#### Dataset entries
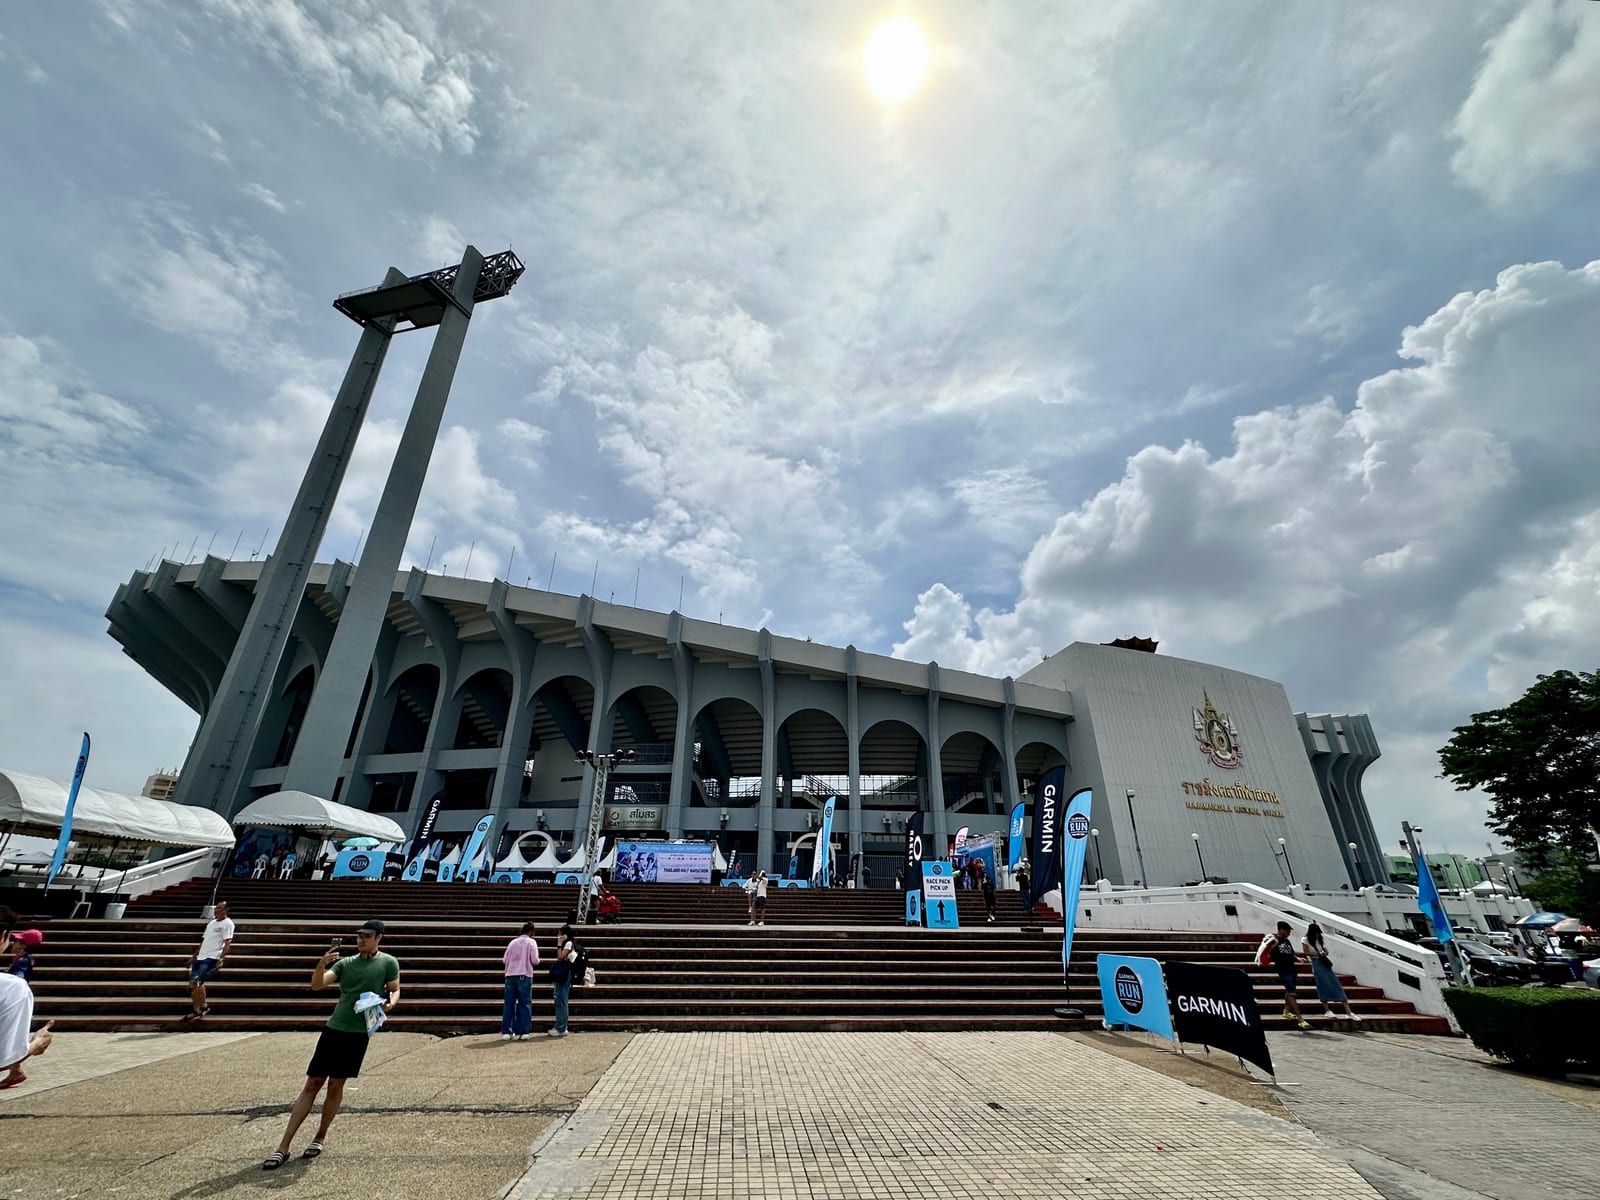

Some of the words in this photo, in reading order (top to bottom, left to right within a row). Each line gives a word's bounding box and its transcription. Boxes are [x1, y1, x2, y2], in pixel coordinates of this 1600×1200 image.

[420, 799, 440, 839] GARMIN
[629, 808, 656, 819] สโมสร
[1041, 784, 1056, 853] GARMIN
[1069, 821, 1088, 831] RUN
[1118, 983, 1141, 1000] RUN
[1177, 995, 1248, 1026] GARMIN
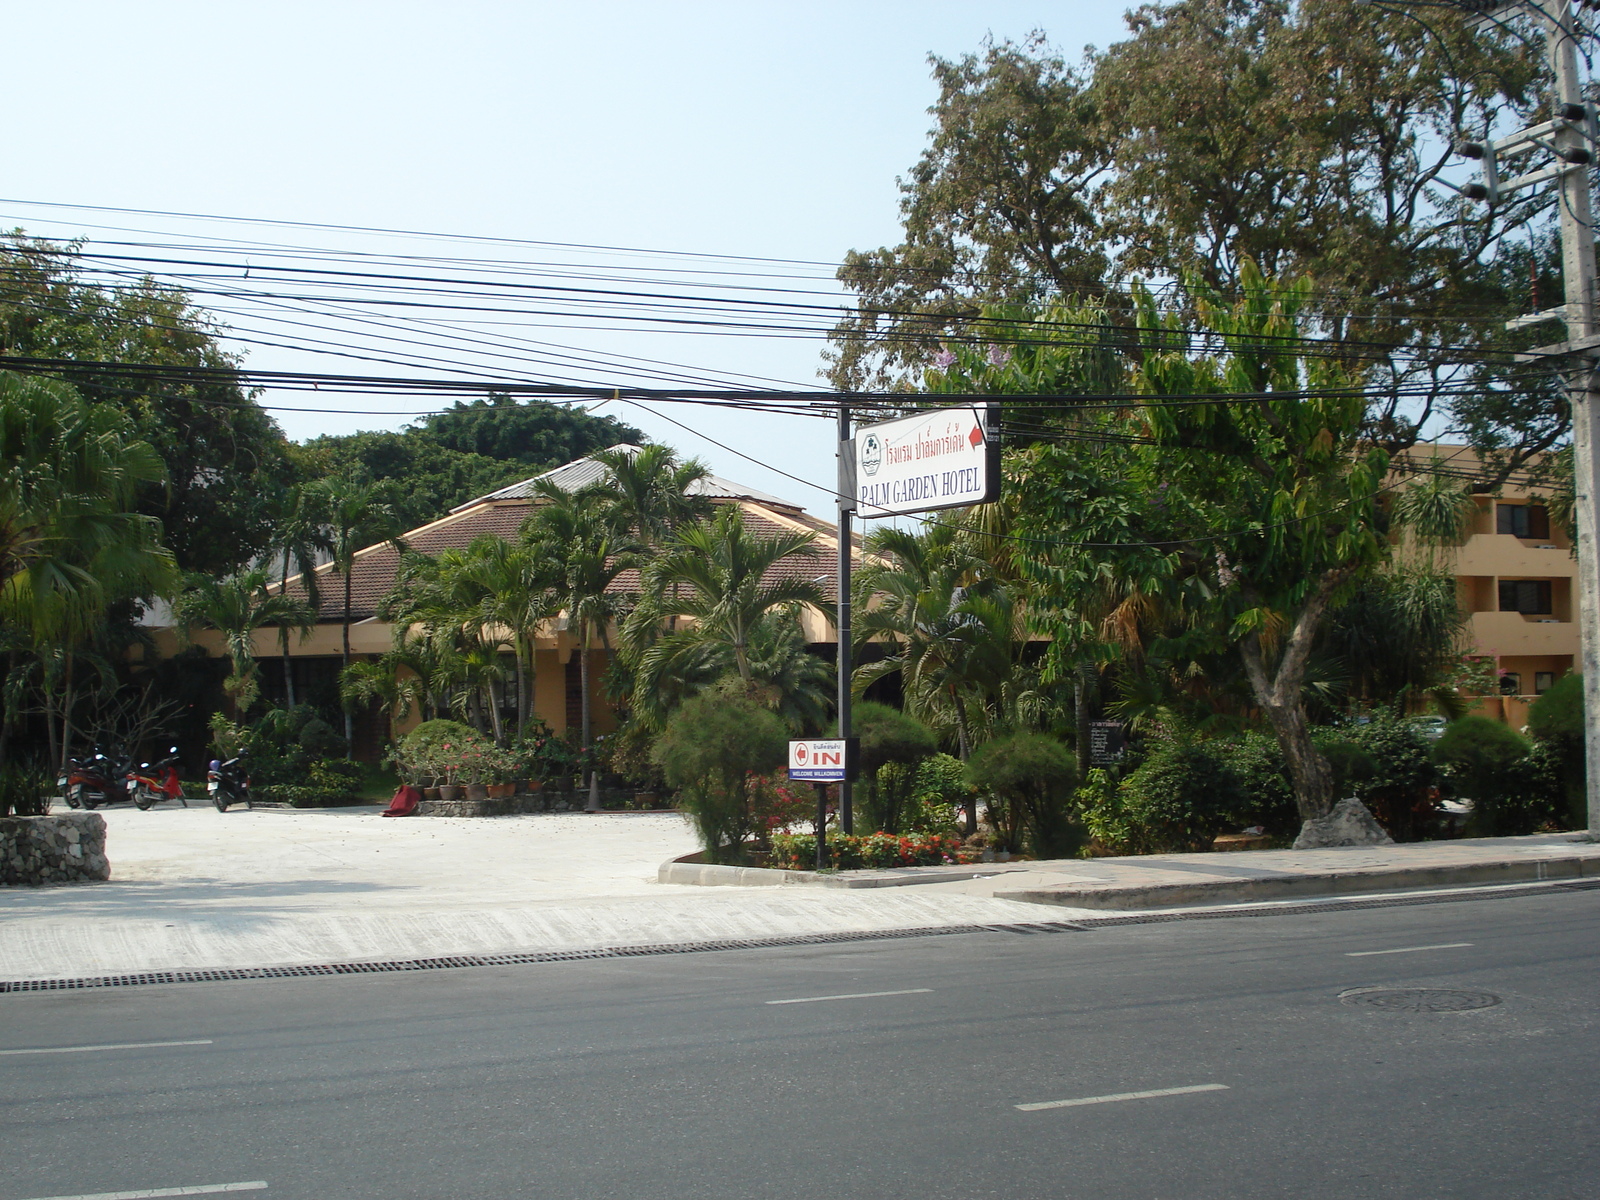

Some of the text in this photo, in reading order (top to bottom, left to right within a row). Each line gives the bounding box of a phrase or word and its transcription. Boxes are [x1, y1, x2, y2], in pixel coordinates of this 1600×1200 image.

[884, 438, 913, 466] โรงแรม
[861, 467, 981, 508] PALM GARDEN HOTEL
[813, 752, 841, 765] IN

#### TASK REQUIREMENTS
Before copying the data, remove the pictures. Then repeat the rest exactly.

#### RESPONSE TO THIS TASK
Some of the words in this photo, in reading order (top to bottom, left to right within a row). Each line gives a word's bounding box and its transcription. Boxes are [x1, y1, x2, y2], in pixel coordinates of this 1600×1200 image.

[420, 799, 440, 839] GARMIN
[629, 808, 656, 819] สโมสร
[1041, 784, 1056, 853] GARMIN
[1069, 821, 1088, 831] RUN
[1118, 983, 1141, 1000] RUN
[1177, 995, 1248, 1026] GARMIN

Some of the text in this photo, in reading order (top to bottom, left to right within a row). Each line gives the bounding box of a phrase or word and its transcription. Boxes are [x1, y1, x2, y2], in pixel coordinates of this 1600×1200 image.

[884, 438, 913, 466] โรงแรม
[861, 467, 981, 508] PALM GARDEN HOTEL
[813, 752, 841, 765] IN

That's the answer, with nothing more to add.